Pianist Ann Schein related a wonderful account of her childhood. She began piano lessons at age 4. Her mother was a professional violinist and practiced hours with her daily. When Ann was 13, her teacher announced that he was spending the summer in Mexico and Ann could not be left on her own, pianistically, for the summer. It was agreed that her family would spend the summer in Mexico too. Ann was shocked to discover that her teacher arrived at 9 a.m., had a cup of coffee, and at 9:30 am they began to practice together! He left at lunchtime, returned, and they continued on until dinner, whereupon he ate with the family and went home, only to return again the following morning. Seven days a week, all summer long, this very great teacher arrived and practiced with Ann. Forty years later, this accompanist for singer Jessye Norman believes that teaching students how to practice is still one of the most valuable skills that can be passed on to the next generation.
The successful child is inevitably the product of that successful triangle of teacher-parent-student. In the early years, the parent brings organizational and memory skills to the practicing. “Remember; we have to work on the E-flat major scale this week. Take a moment to think about rounding your fingers. I’ll set the metronome.” Sometimes the child is fortunate to have a parent who is a musician or an amateur musician, or even someone who took music lessons as a child. Often this is not the case. The enthusiastic and committed non-musician parent, however, is as valuable as the musician parent. Attending the lessons together and taking the time to practice together every day is the key. Remember, “Shall we practice now?” will ultimately reap far greater rewards than “Have you practiced today?”

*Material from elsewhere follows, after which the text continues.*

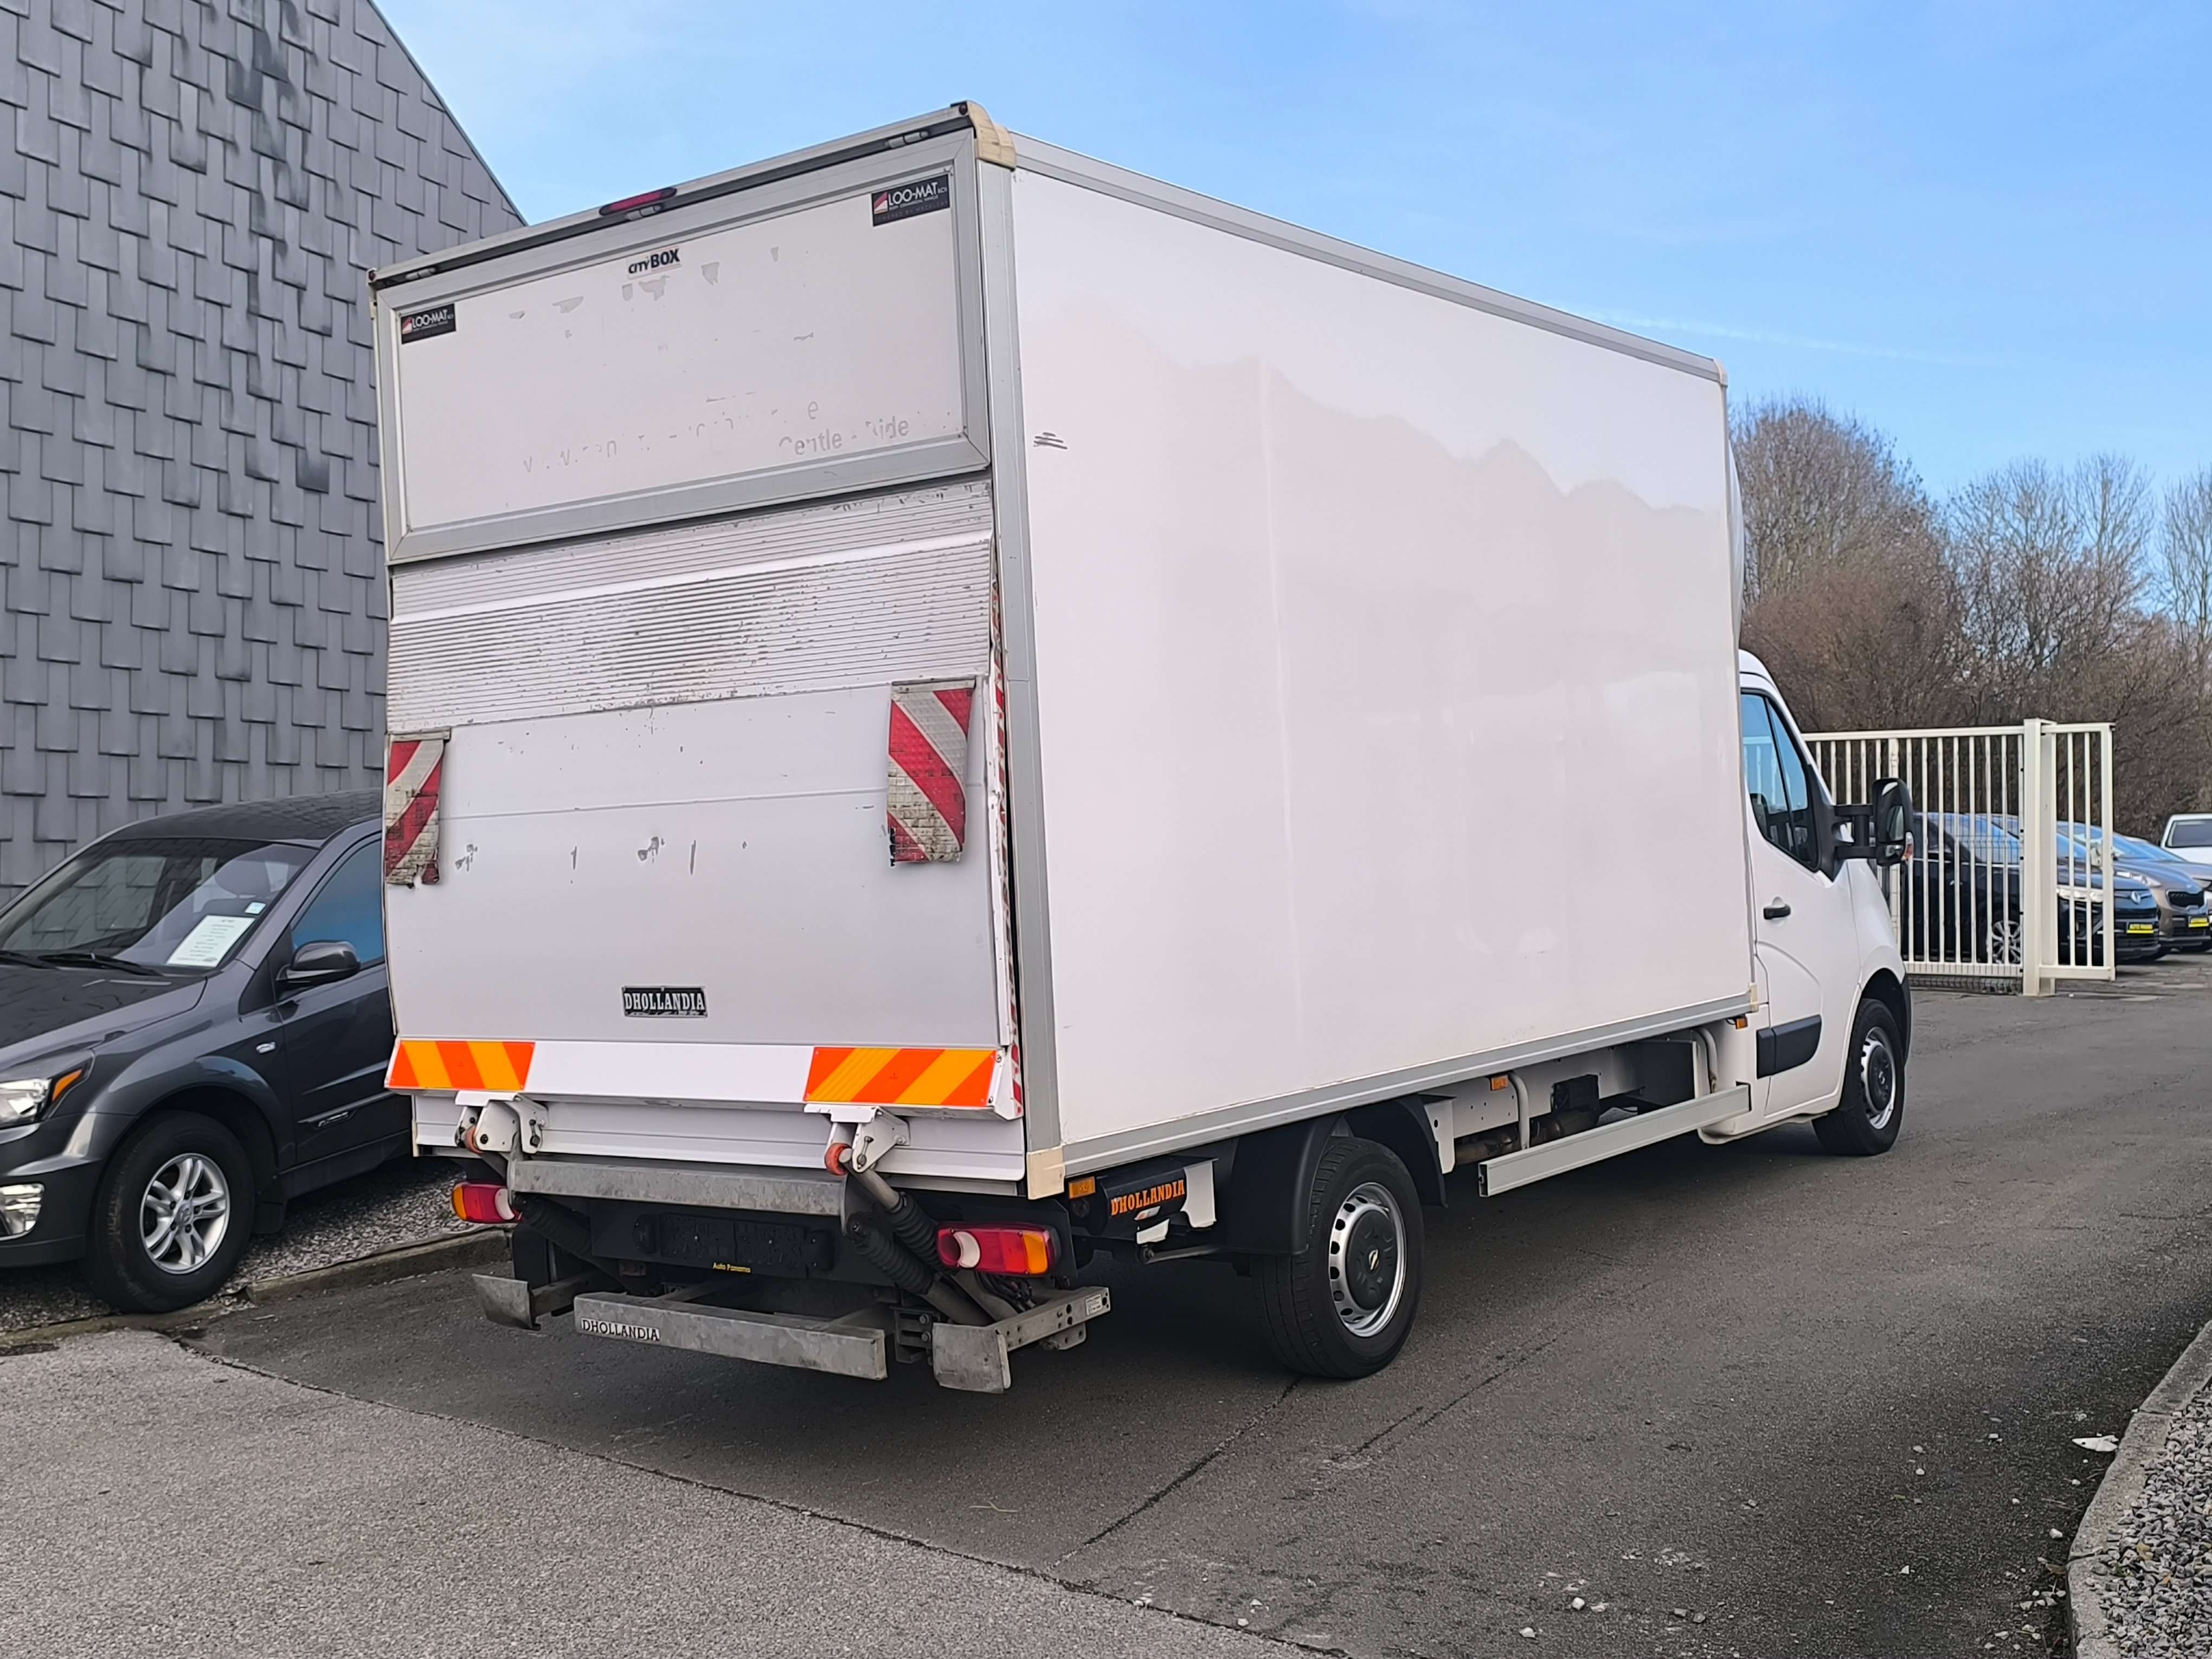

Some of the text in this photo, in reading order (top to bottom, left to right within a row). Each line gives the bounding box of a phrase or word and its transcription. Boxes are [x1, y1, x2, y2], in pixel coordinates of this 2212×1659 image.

The question looms, however, will you ever be able to wean your child from needing you to practice with them? Good question! The bad news is that your child will be able to do homework alone long before being ready to practice an instrument alone. The good news is that the time finally does come. The question is when is the right time and how do you do it.
One of the determinants of weaning is the skill level of the parent. For the non-musician parent, there will be a time when the child turns to you and says, “Mother, it says allegro, you are going much too slow. Anyway, it is in the key of G minor, so it doesn’t sound anything like the way you are singing it.” Having now surpassed the “home teacher,” as Suzuki calls the parent, your superior child will feel confident to proceed on her own and your role will fall into, “This would be a good time to practice, because you have a soccer game and afterwards you are going to Susan’s.” At this point, take on the role of student yourself; ask questions. “I see that you have been assigned a new piece; what does ‘adagio’ mean here in the upper left hand corner?” (even if you know the answer). Your role has become one of seducing your child to take the instrument out of the case and begin to practice. If they are putting it away after 5 minutes, return and say something like, “I only heard the end of that last piece. I really liked it. Would you play the whole thing for me?” This is the time for the light touch, good humor, no suggestions, lots of praise, total admiration for how far she has professed and how much she has learned. You will be amazed at how the youngster will blossom.
For the more musically skilled parent, weaning will take longer. The child knows that you know how many sharps are in the key of C# minor, how to count the rhythm, and that no one can practice for 5 minutes and cover everything that is expected. But if your budding musician is approaching the age of 11, the time may have come to start thinking about transferring some of the practicing responsibility over to your child.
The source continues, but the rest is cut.